Ethanol subsidies affect corn, which, no matter how efficiently produced, comes from limited land with limited nutrients. Corn has a law of diminishing returns on input dollars-over time, to eke one more bushel of corn out of an acre of land requires more and more input dollars and man hours.
Solar though, has nearly infinite power available. It is not a production subsidy, but rather a manufacturing subsidy. That is, similar to Moore’s Law in semi-conductors, for every doubling in manufacturing capacity of solar panels, we see cost reductions in the total Levelized Cost of Energy (LCEO) of 20%. This is known as Swanson’s Law or the Swanson Effect. Below is an old graph. Costs per watt in 2020 on solar panels are closer to 30 cents a watt!
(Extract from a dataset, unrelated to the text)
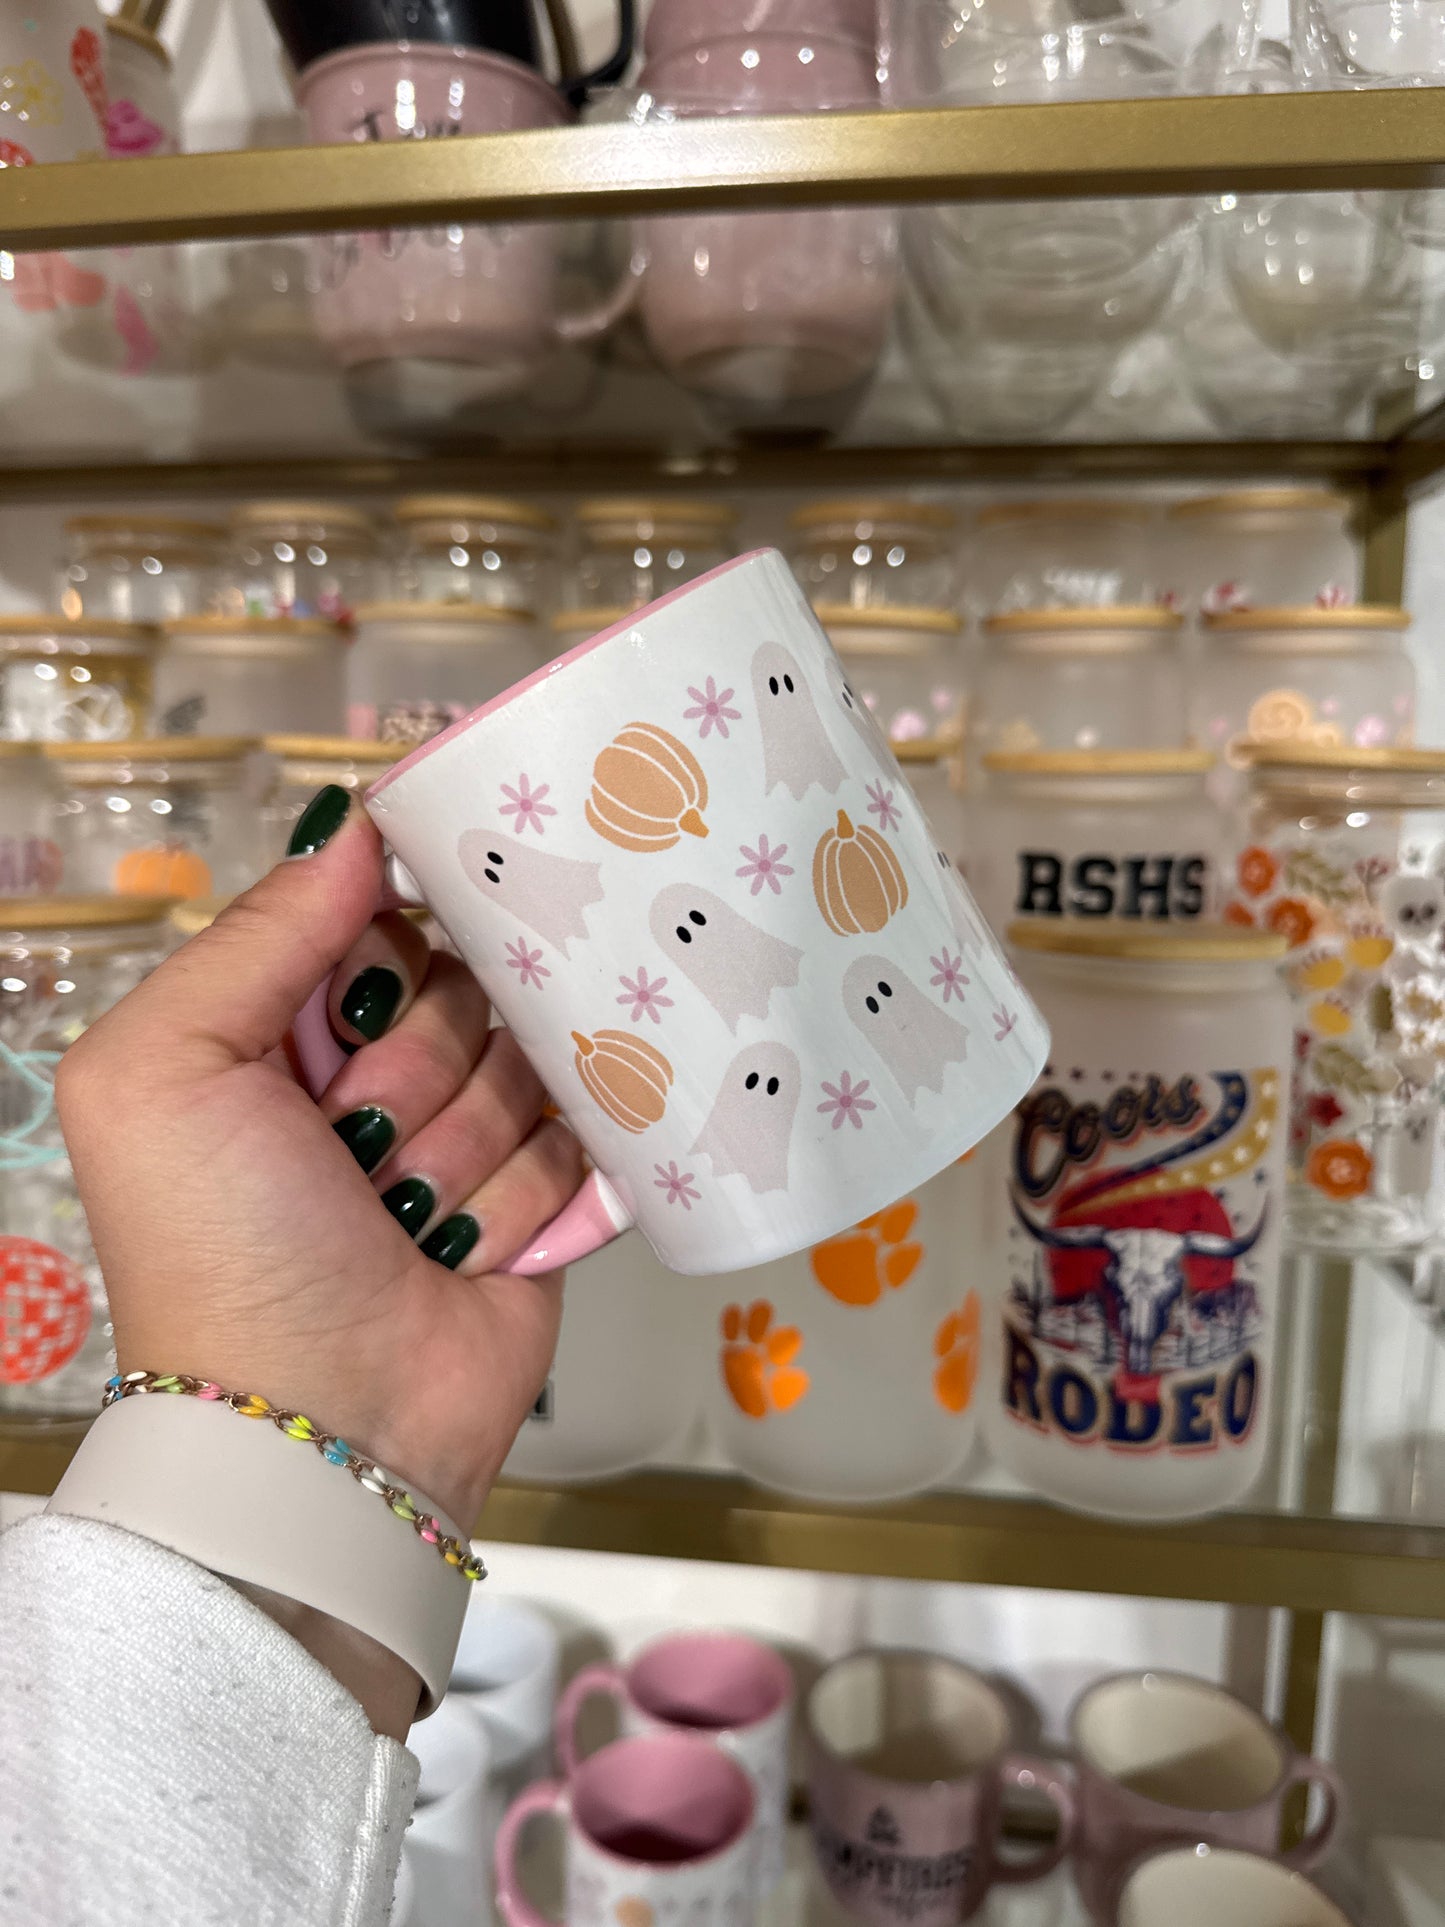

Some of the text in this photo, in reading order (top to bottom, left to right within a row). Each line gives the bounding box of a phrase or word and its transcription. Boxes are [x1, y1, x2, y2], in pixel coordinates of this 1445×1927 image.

[1017, 851, 1207, 918] RSHS
[1011, 1074, 1205, 1203] Coors
[1002, 1321, 1257, 1453] RODEO
The costs come down because as we build things, we learn to build them better. T P Wright’s seminal 1936 paper on airplane construction was one of the first formalizations of this relationship. Build something over time, and initially you get way better at it really fast, and then over time you continue to get better at building the item, but you need more inputs for the same rate of improvement. Think of a concert violinist, for instance. They may achieve 98% mastery by 2,000 hours of practice, but take another 2,000 for the final 2%. Building things work the same way, but there is never mastery. The only asymptote is the availability of raw goods.
Solar used to be insanely expensive. California bought a whole bunch of it when they shouldn’t have. Now they have too much solar, at a cost 5x the market, because they signed long term contracts. In retrospect, this was not wise. It was shorting the price of all other power sources, and natural gas became capable of providing clean-ish energy at 1/5th the price.
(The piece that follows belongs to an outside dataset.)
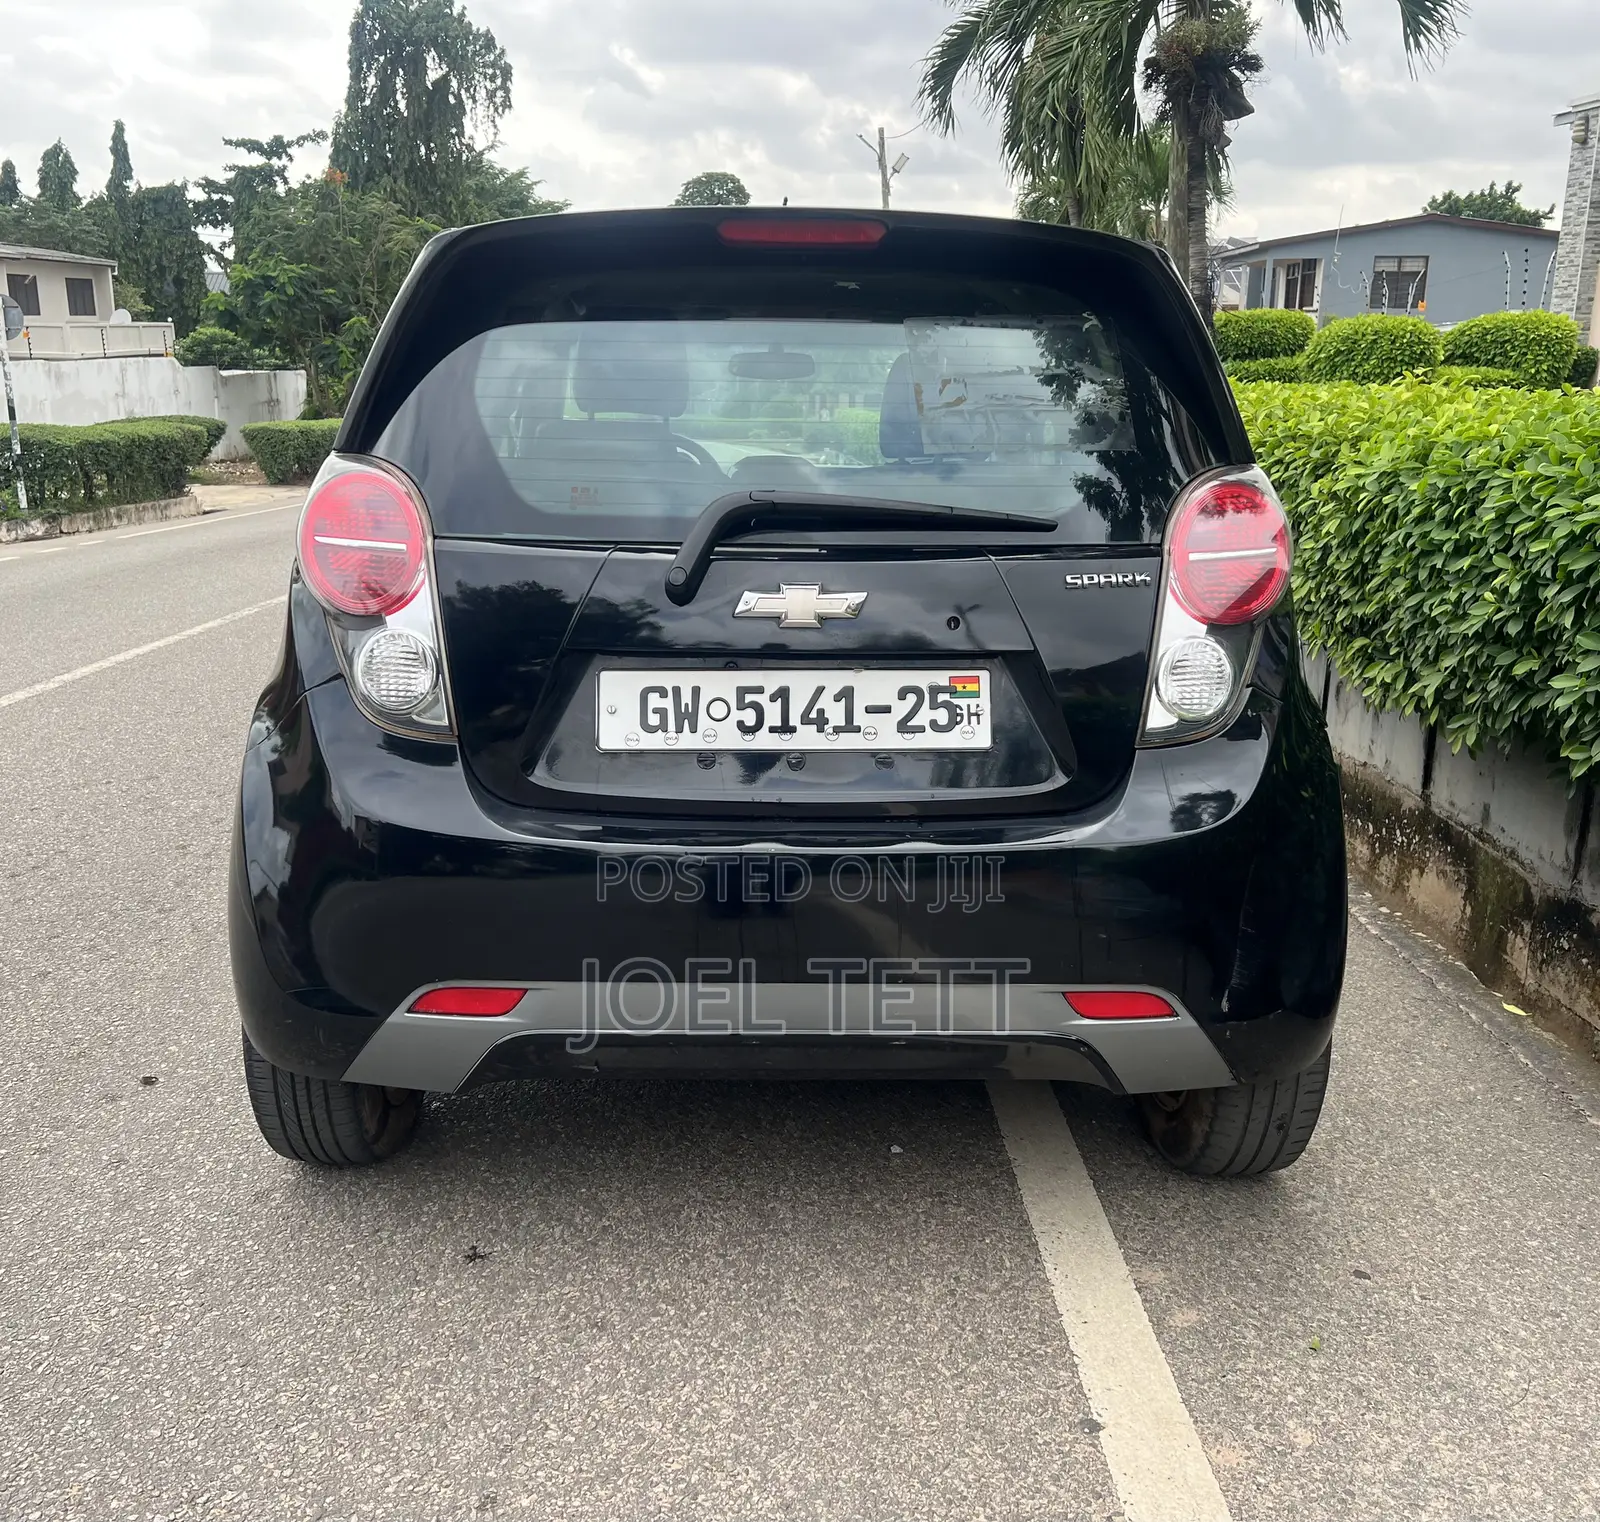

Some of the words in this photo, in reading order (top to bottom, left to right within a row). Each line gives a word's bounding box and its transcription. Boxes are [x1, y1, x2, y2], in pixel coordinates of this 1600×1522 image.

But, at the time California signed their ill-fated Power Purchase Agreements (PPAs), it seemed that the only way to start making panels so that solar became more affordable so that we could make more solar was for energy prices to rise. Now, with energy prices falling, we were faced with a conundrum. The eventual marginal price of solar should be close to the raw inputs, assuming we’re going to make a whole bunch of it. That’s definitely good. But solar was super expensive, so you would need hundreds of loss leader.
That’s where the 30% solar subsidy came in. We still had hundreds of loss leaders, but many were losing because the subsidy worked even better than expected. Solar has gone from 30+ cents a kiloWatt hour (kWh) to 2 cents. That is a dramatic decrease in cost that beat even optimistic projections from the past.
The short term losses from subsidies are real. It is no different than a tax in support of solar. There are key distinctions however.
First, the subsidy was on the total cost of the project rather than at a fixed rate or a fixed procured amount. This incentivized total costs of production to decline dramatically.
Second, when faced with an a threat to the human species, subsidies alter the temporal position of energy production. CO2 produced now vs CO2 produced in the future has a different position on the (quantity, marginal potential harm) graph. By shifting CO2 production into the future, you are not only creating a net positive for each marginal CO2 shift, you are also buying more time for other innovations (maybe actually learning to build nuclear again), and avoiding non linear responses. Perhaps there is a certain amount of CO2 we can pump into the atmosphere with no changes ,and adding a single molecule more of CO2 will have a massive negative effect. Non linear relationships dominate in complex systems, and, when manufacturing subsidies produced Gigawatts of Solar, they enabled us to reduce our chance of hitting an unknowable threshold.
Now, where the United States likely went wrong is not requiring the 30% subsidy to be used on parts from Americans or close trade allies (read: not China). The inverse happened. China heavily subsidized their solar panel production, then sold it into a subsidized US market. China absorbed even more up front losses than the United States on the solar production curve, but now they have knowledge that puts them so far ahead of the US that solar panel manufacturing is almost extinct in the United States.
Ironically, this means the United States is facing a similar question to that which it faced before: for the nation to learn how to manufacture solar again would require that we take an even larger short term hit to solar panel prices than hit the United States’ imposition of a 30% tariff in 2018 caused. But, without an imposition of a large import tariff (which will cause less solar to be built in the US in the short term), we cannot ever learn to build solar panels ourselves.
So now the relative CO2 position must reverse in the short term. Manufacturing subsidies worked and worked well. Solar’s price per kilowatt hour is now among the cheapest forms of energy in the history of humankind, and before long the marginal cost will be nearly zero. But if the United States can’t manufacture the needed technology, we will have shifted the ability to produce zero marginal cost power to a nation that puts millions of people in concentration camps. And, when China inevitably introduces export controls to the United States in 10 years or so, if the United States has never had the guts to learn how to make solar panels, a country that cares not at all about pollution, like China, will continue to burn coal, simply because they have plentiful supplies, cheap, and near power generation stations.
Manufacturing subsidies work, and likely produce substantially more benefits than harms in areas that we know have plentiful to limitless natural material available. They shift potential harm into the future and reduce non-linear complex responses. However, the original manufacturing subsidies on solar didn’t go far enough. We are now faced with a choice. To best lower future energy costs in the United States to zero, as well as prevent long term spikes in CO2 production, it’s time to again produce solar panels in the United States.